• RECORDS SHOWN:
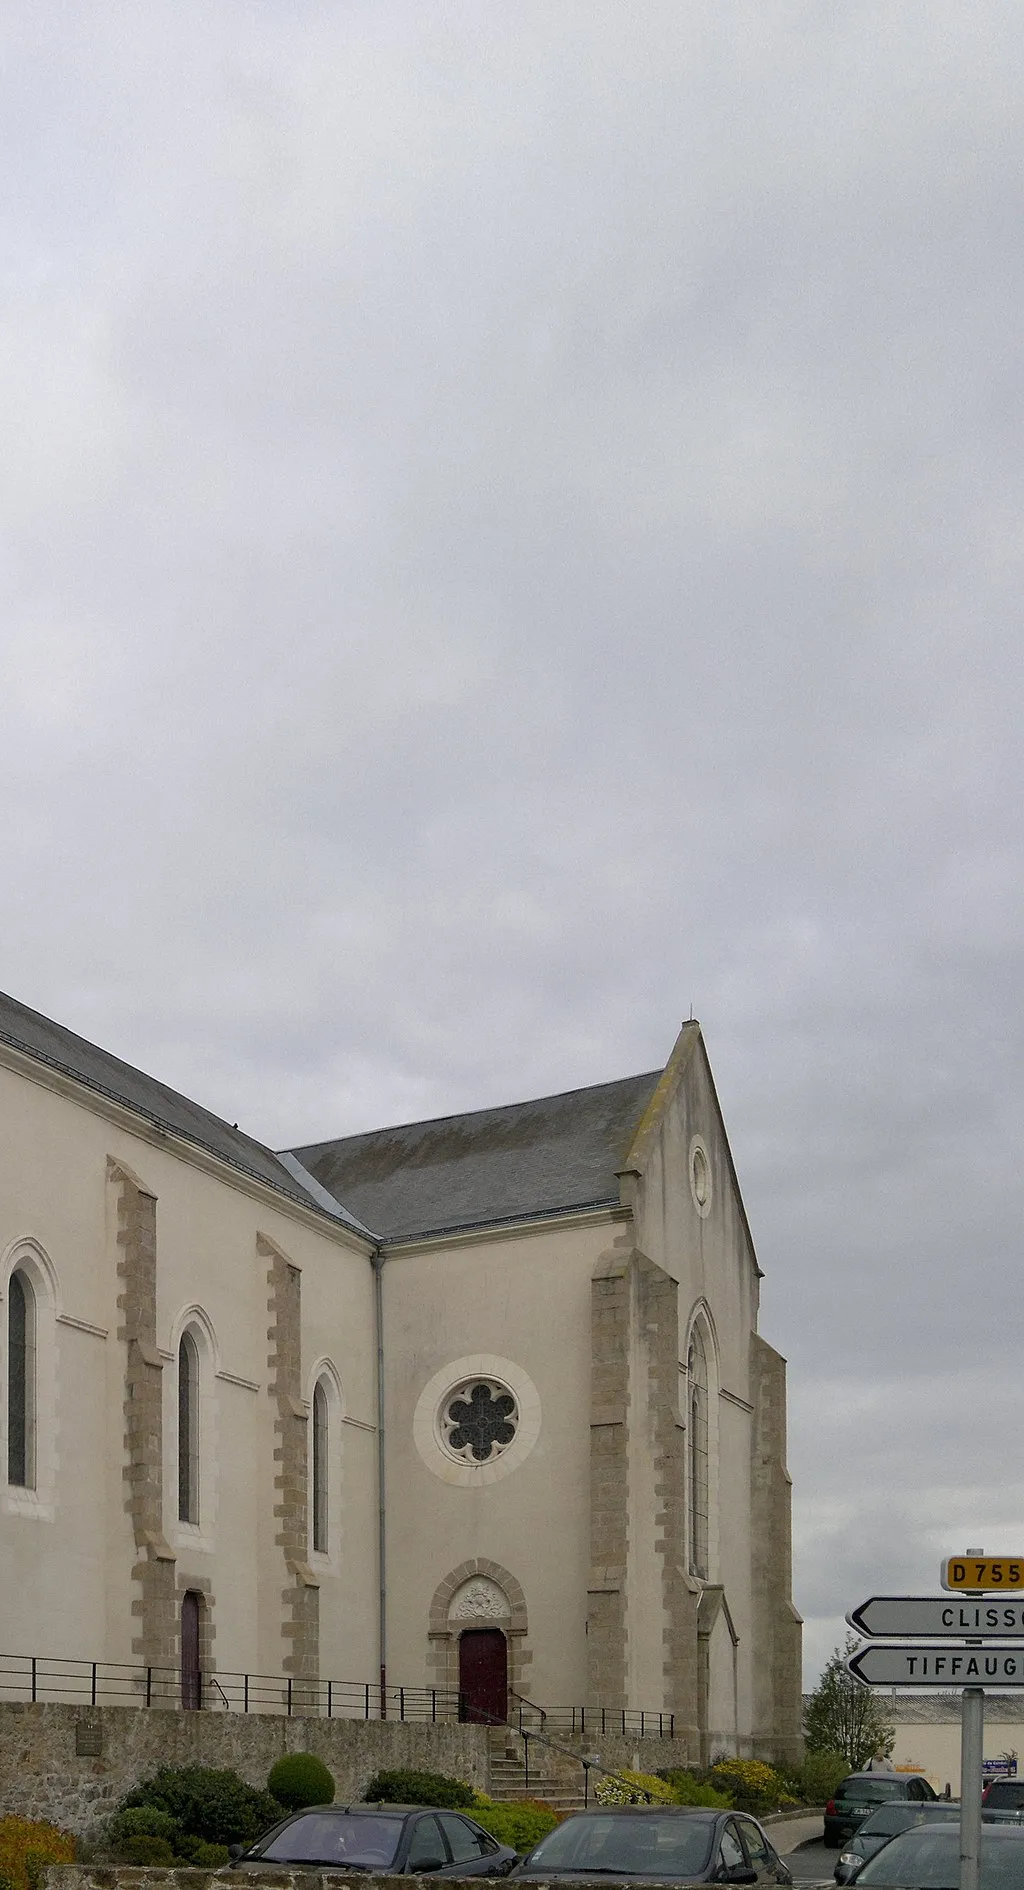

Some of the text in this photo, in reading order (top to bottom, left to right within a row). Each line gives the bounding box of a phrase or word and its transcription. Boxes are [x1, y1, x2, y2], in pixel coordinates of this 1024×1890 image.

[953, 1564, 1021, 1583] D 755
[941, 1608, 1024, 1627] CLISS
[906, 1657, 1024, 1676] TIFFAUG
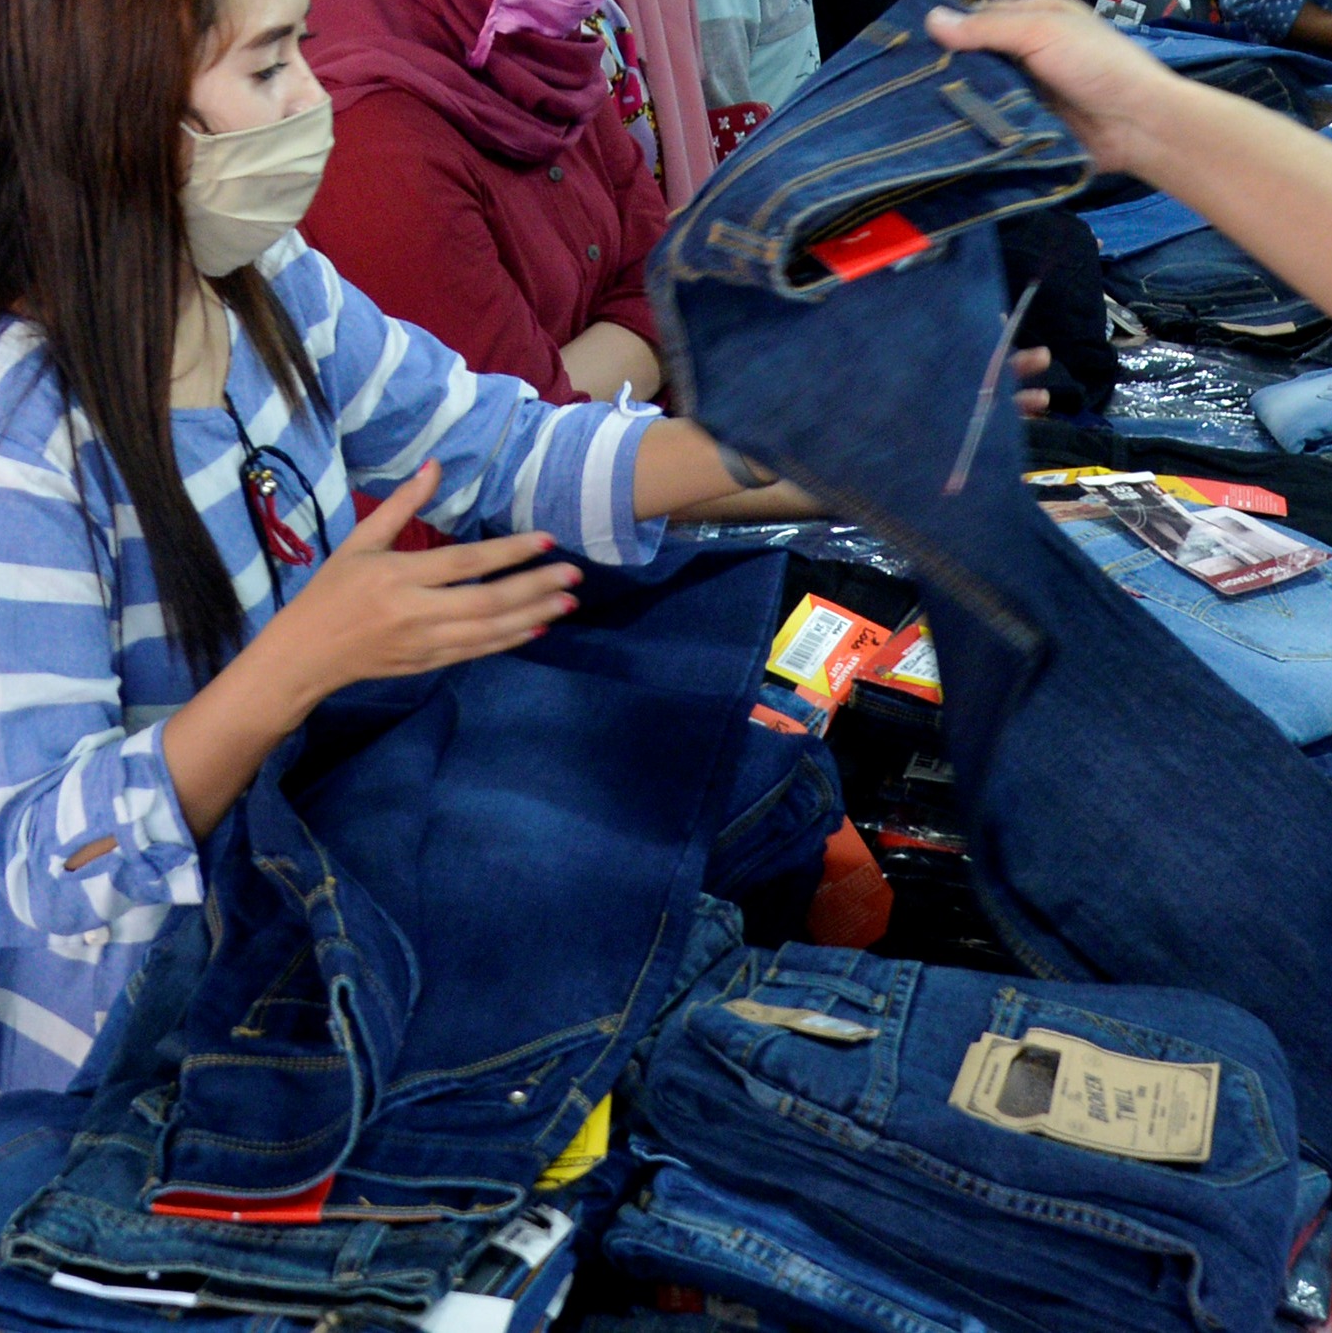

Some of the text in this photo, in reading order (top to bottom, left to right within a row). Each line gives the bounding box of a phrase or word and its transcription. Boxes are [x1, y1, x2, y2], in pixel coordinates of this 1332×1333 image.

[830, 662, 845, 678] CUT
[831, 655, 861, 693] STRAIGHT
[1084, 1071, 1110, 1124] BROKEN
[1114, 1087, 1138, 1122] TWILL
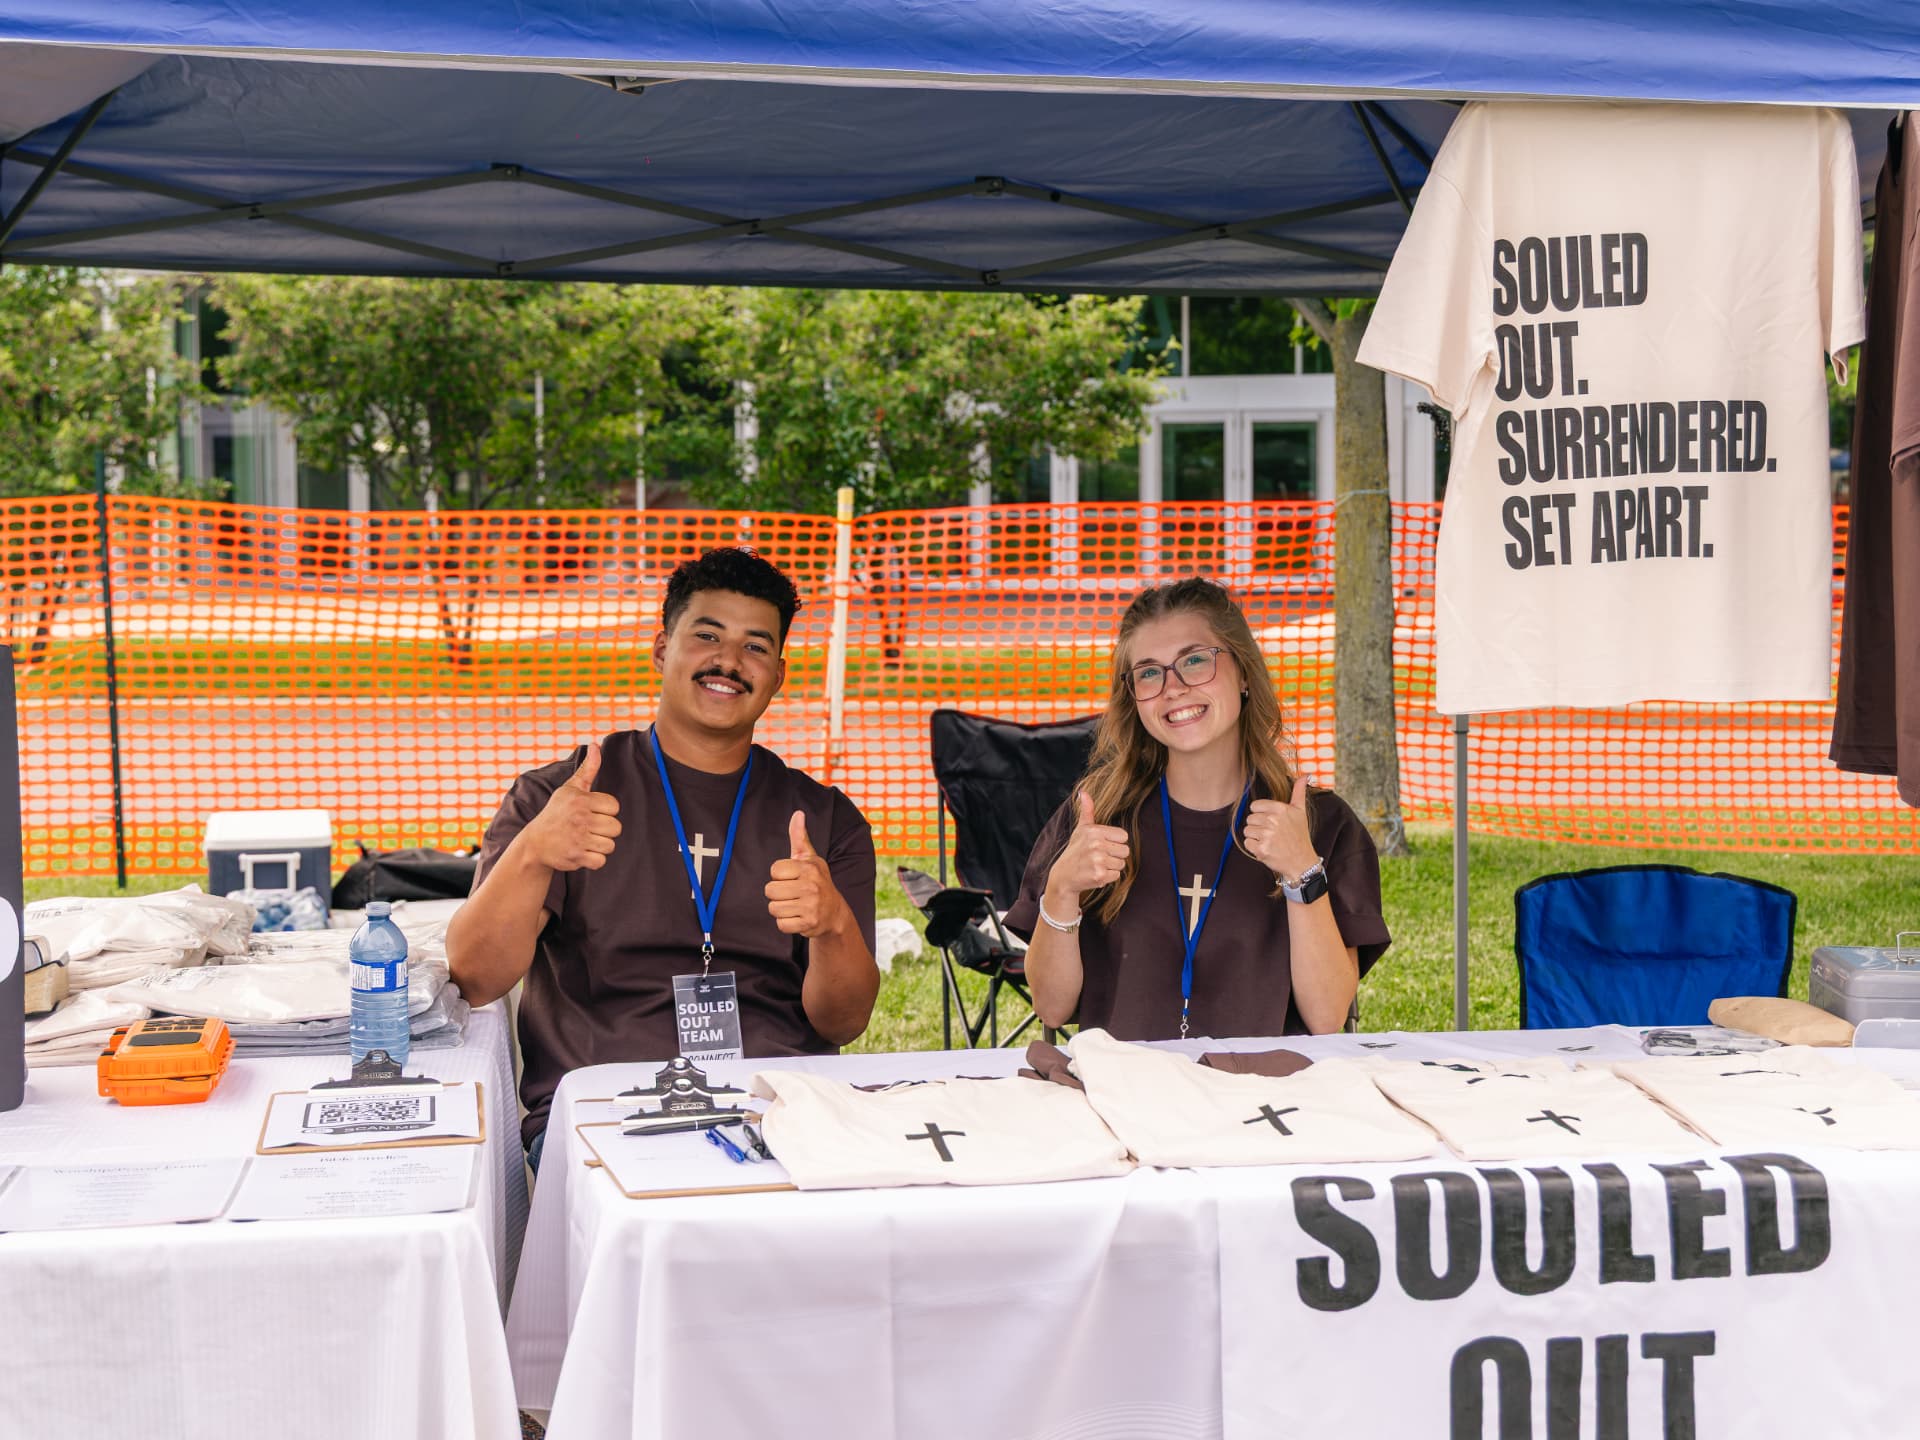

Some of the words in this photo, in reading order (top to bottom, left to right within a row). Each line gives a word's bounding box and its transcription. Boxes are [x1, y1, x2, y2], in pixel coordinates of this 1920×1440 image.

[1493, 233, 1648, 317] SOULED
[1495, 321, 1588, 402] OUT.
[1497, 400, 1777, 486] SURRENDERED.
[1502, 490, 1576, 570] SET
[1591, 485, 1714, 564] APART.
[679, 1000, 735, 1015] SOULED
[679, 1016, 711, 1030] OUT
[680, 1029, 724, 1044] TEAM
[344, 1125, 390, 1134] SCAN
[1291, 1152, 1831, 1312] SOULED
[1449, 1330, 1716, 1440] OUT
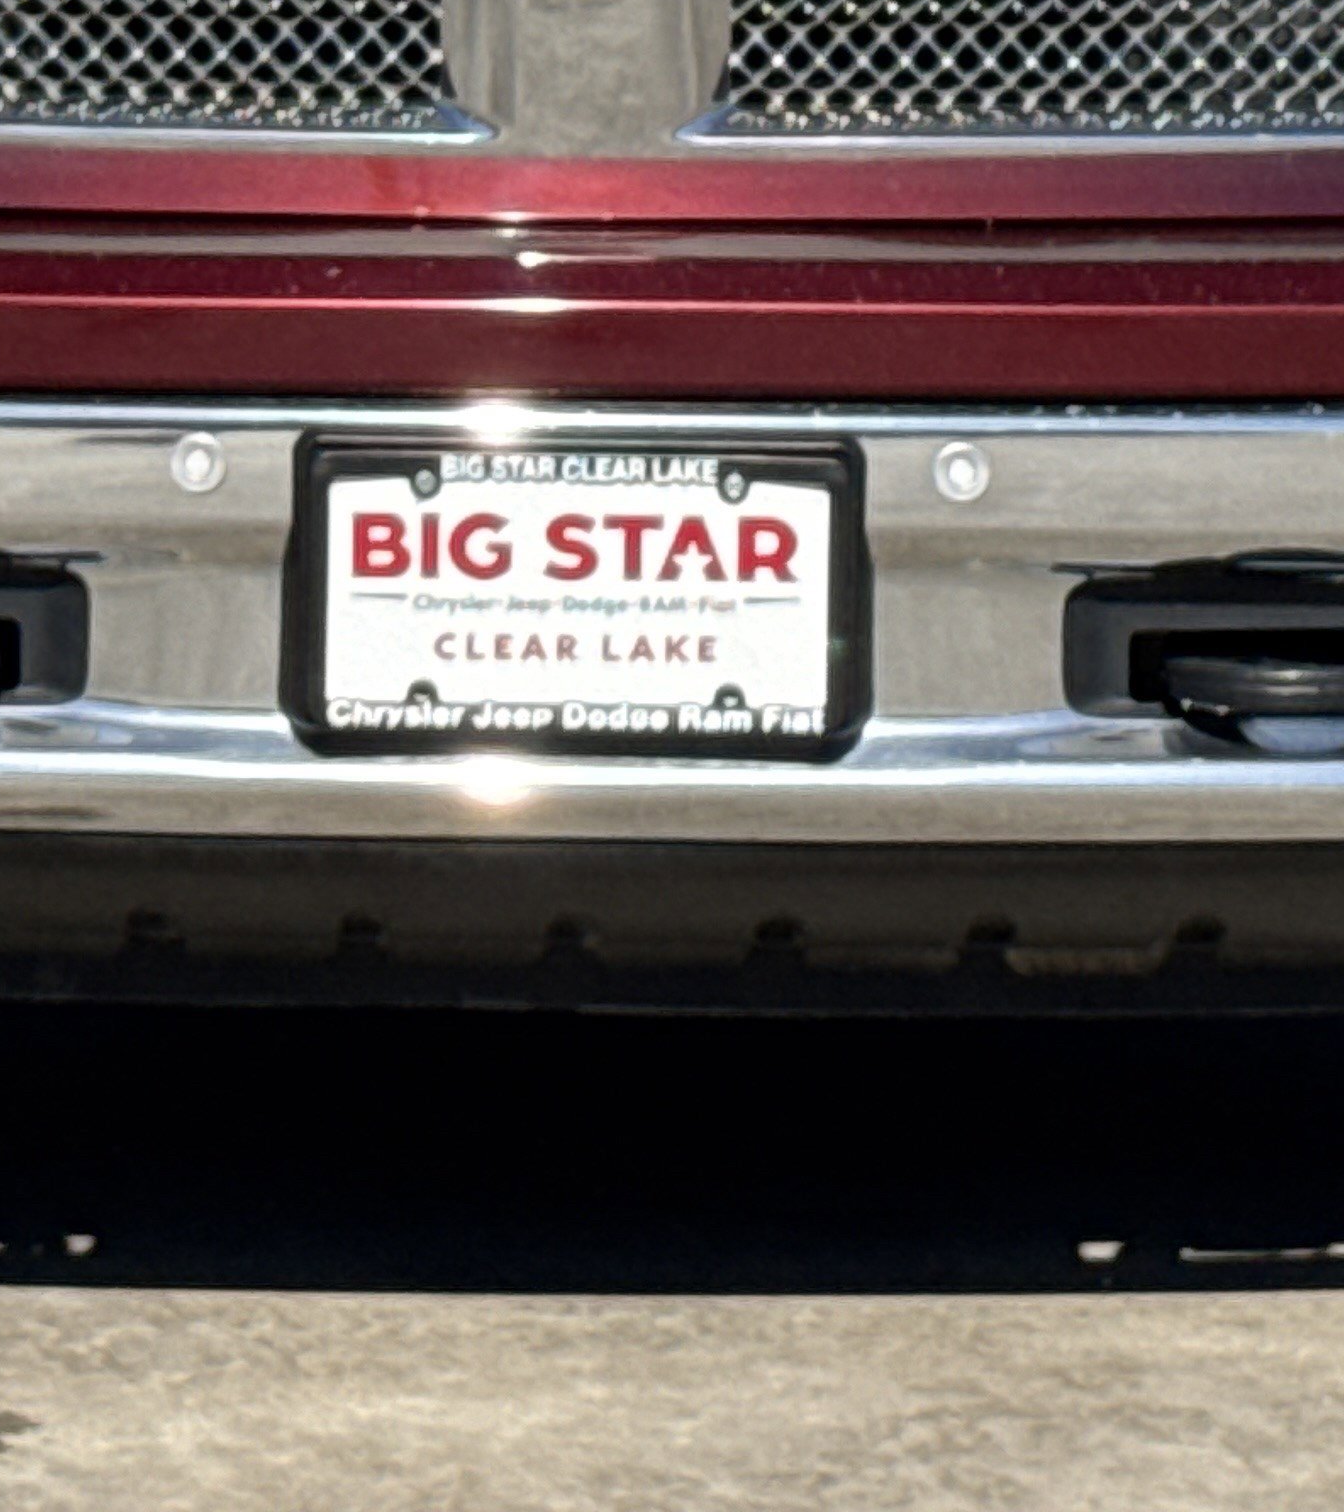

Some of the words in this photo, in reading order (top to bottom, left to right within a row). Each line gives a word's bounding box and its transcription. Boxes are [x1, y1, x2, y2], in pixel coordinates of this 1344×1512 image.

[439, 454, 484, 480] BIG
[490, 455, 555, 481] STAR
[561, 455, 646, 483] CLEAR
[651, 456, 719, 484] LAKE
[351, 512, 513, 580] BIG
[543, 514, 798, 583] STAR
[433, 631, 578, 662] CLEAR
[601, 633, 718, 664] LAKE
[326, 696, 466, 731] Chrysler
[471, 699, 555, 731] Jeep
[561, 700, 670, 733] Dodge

• TASK OBJECTIVE: Copy out the data verbatim, excluding the pictures.

• OUTPUT OF THE TASK:
Some of the text in this photo, in reading order (top to bottom, left to right within a row). Each line gives the bounding box of a phrase or word and its transcription. Boxes are [x1, y1, x2, y2], in pixel coordinates of this 1024×1890 image.

[953, 1564, 1021, 1583] D 755
[941, 1608, 1024, 1627] CLISS
[906, 1657, 1024, 1676] TIFFAUG

Some of the text in this photo, in reading order (top to bottom, left to right within a row). Each line gives the bounding box of a phrase or word and its transcription. Boxes are [x1, y1, x2, y2], in pixel coordinates of this 1332×1333 image.

[830, 662, 845, 678] CUT
[831, 655, 861, 693] STRAIGHT
[1084, 1071, 1110, 1124] BROKEN
[1114, 1087, 1138, 1122] TWILL

Some of the words in this photo, in reading order (top to bottom, left to right within a row). Each line gives a word's bounding box and its transcription. Boxes are [x1, y1, x2, y2], in pixel coordinates of this 1920×1440 image.

[1493, 233, 1648, 317] SOULED
[1495, 321, 1588, 402] OUT.
[1497, 400, 1777, 486] SURRENDERED.
[1502, 490, 1576, 570] SET
[1591, 485, 1714, 564] APART.
[679, 1000, 735, 1015] SOULED
[679, 1016, 711, 1030] OUT
[680, 1029, 724, 1044] TEAM
[344, 1125, 390, 1134] SCAN
[1291, 1152, 1831, 1312] SOULED
[1449, 1330, 1716, 1440] OUT

Some of the words in this photo, in reading order (top to bottom, left to right within a row). Each line gives a word's bounding box and its transcription. Boxes are [x1, y1, x2, y2], in pixel coordinates of this 1344×1512 image.

[439, 454, 484, 480] BIG
[490, 455, 555, 481] STAR
[561, 455, 646, 483] CLEAR
[651, 456, 719, 484] LAKE
[351, 512, 513, 580] BIG
[543, 514, 798, 583] STAR
[433, 631, 578, 662] CLEAR
[601, 633, 718, 664] LAKE
[326, 696, 466, 731] Chrysler
[471, 699, 555, 731] Jeep
[561, 700, 670, 733] Dodge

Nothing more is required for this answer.